**BRIEF:**
Please retype all of the records below word for word, leaving out any pictures.

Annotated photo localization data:
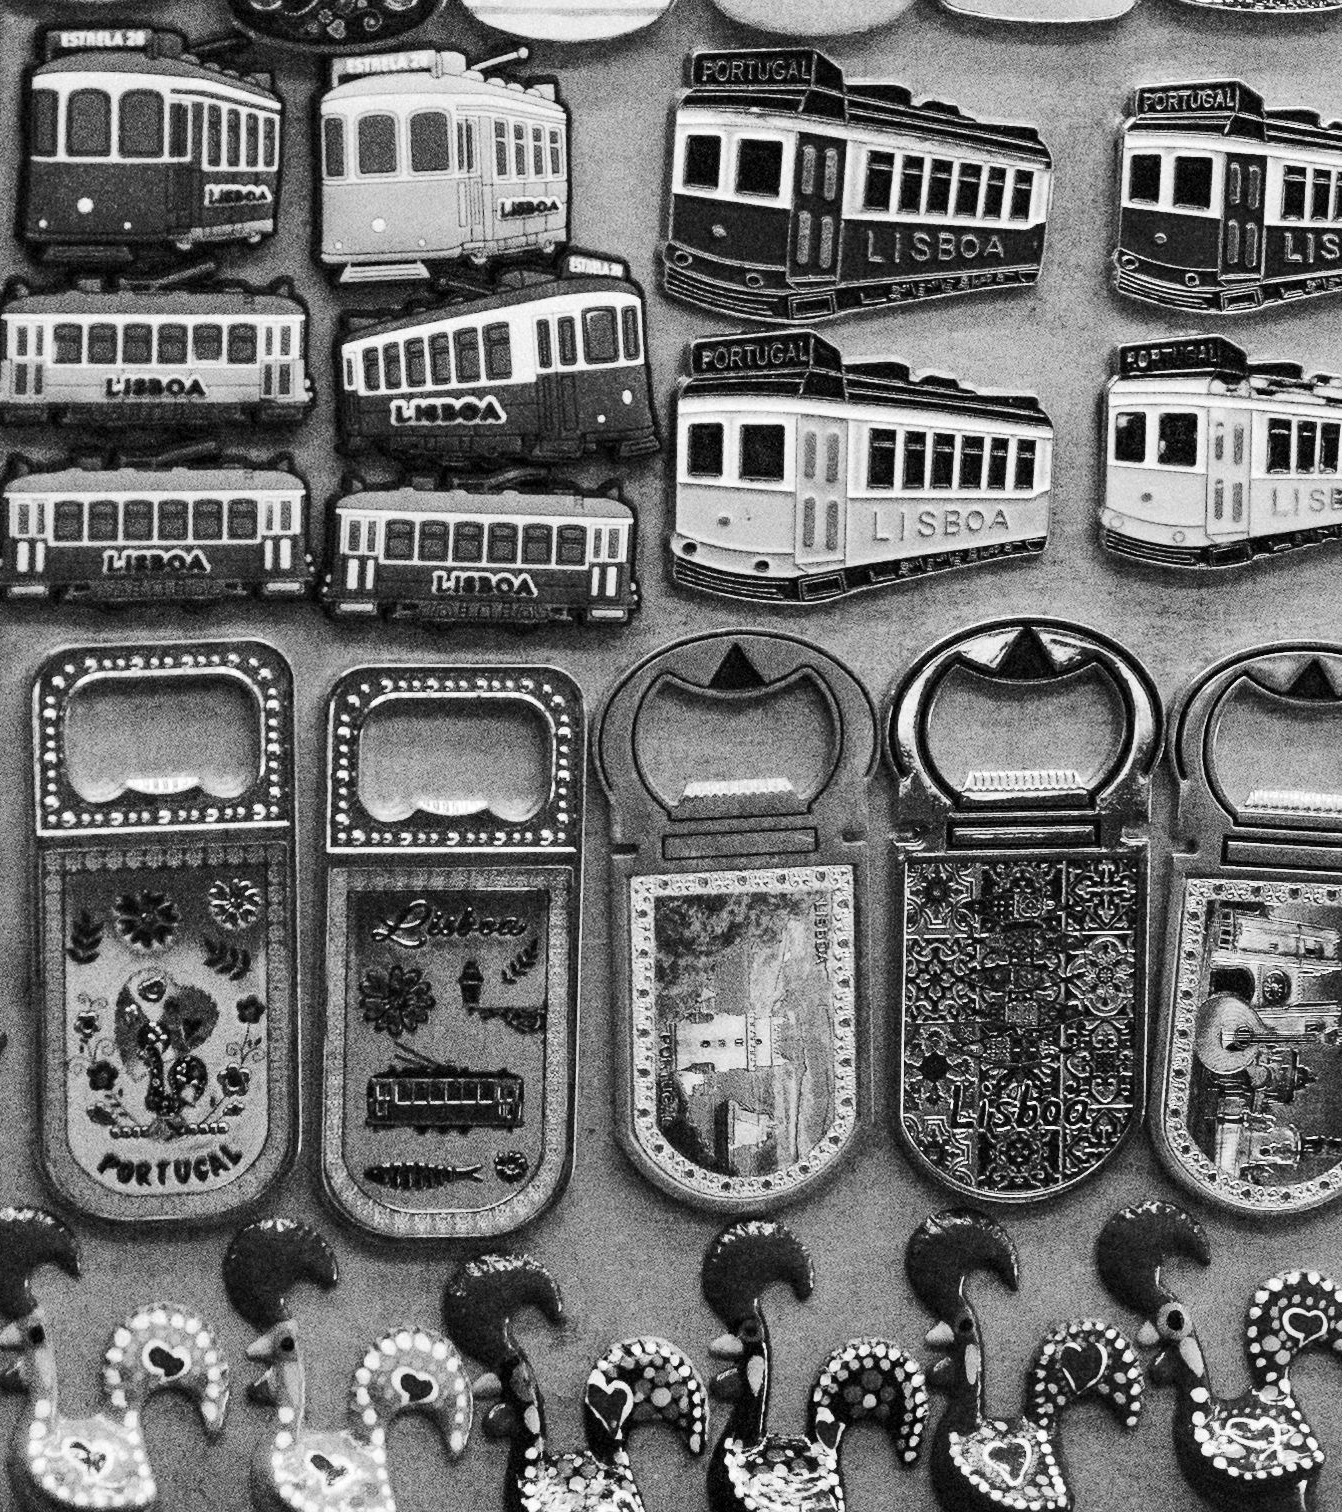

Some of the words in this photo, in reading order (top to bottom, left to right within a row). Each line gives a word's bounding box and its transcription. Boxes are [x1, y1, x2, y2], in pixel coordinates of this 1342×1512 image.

[701, 59, 812, 83] PORTUGAL
[1143, 87, 1237, 112] PORTUGAL
[207, 188, 273, 206] LISBOA
[499, 200, 562, 218] LISBOA
[866, 228, 1004, 262] LISBOA
[701, 339, 810, 370] PORTUGAL
[105, 375, 210, 399] LISBOA
[391, 397, 507, 426] LISBOA
[871, 509, 1011, 542] LISBOA
[103, 550, 211, 575] LISBOA
[432, 573, 539, 597] LISBOA
[371, 899, 528, 948] Lisboa
[951, 1084, 1094, 1129] Lisboa
[97, 1143, 244, 1187] PORTUGAL
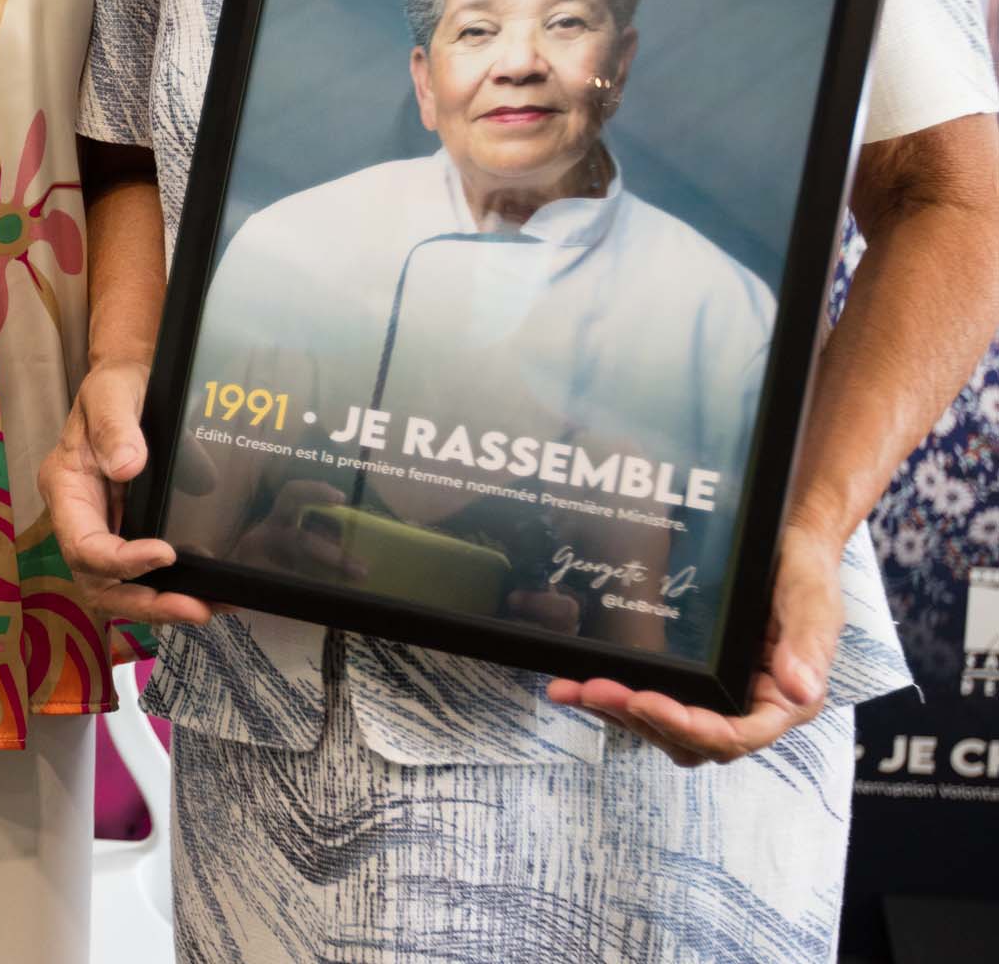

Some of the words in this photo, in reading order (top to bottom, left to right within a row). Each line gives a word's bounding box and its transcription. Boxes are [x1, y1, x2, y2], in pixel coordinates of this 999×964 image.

[195, 425, 232, 445] Édith
[235, 435, 292, 456] Cresson
[295, 447, 319, 461] est
[320, 450, 334, 464] la
[336, 456, 405, 478] première
[408, 467, 464, 490] femme
[466, 479, 537, 504] nommée
[540, 491, 613, 518] Première
[203, 380, 289, 432] 1991
[329, 405, 392, 451] JE
[402, 415, 720, 512] RASSEMBLE
[877, 734, 938, 775] JE

**TASK ANSWER:**
Some of the words in this photo, in reading order (top to bottom, left to right within a row). Each line gives a word's bounding box and its transcription. Boxes are [x1, y1, x2, y2], in pixel coordinates of this 1342×1512 image.

[701, 59, 812, 83] PORTUGAL
[1143, 87, 1237, 112] PORTUGAL
[207, 188, 273, 206] LISBOA
[499, 200, 562, 218] LISBOA
[866, 228, 1004, 262] LISBOA
[701, 339, 810, 370] PORTUGAL
[105, 375, 210, 399] LISBOA
[391, 397, 507, 426] LISBOA
[871, 509, 1011, 542] LISBOA
[103, 550, 211, 575] LISBOA
[432, 573, 539, 597] LISBOA
[371, 899, 528, 948] Lisboa
[951, 1084, 1094, 1129] Lisboa
[97, 1143, 244, 1187] PORTUGAL

Some of the words in this photo, in reading order (top to bottom, left to right within a row). Each line gives a word's bounding box and its transcription. Boxes are [x1, y1, x2, y2], in pixel coordinates of this 999×964 image.

[195, 425, 232, 445] Édith
[235, 435, 292, 456] Cresson
[295, 447, 319, 461] est
[320, 450, 334, 464] la
[336, 456, 405, 478] première
[408, 467, 464, 490] femme
[466, 479, 537, 504] nommée
[540, 491, 613, 518] Première
[203, 380, 289, 432] 1991
[329, 405, 392, 451] JE
[402, 415, 720, 512] RASSEMBLE
[877, 734, 938, 775] JE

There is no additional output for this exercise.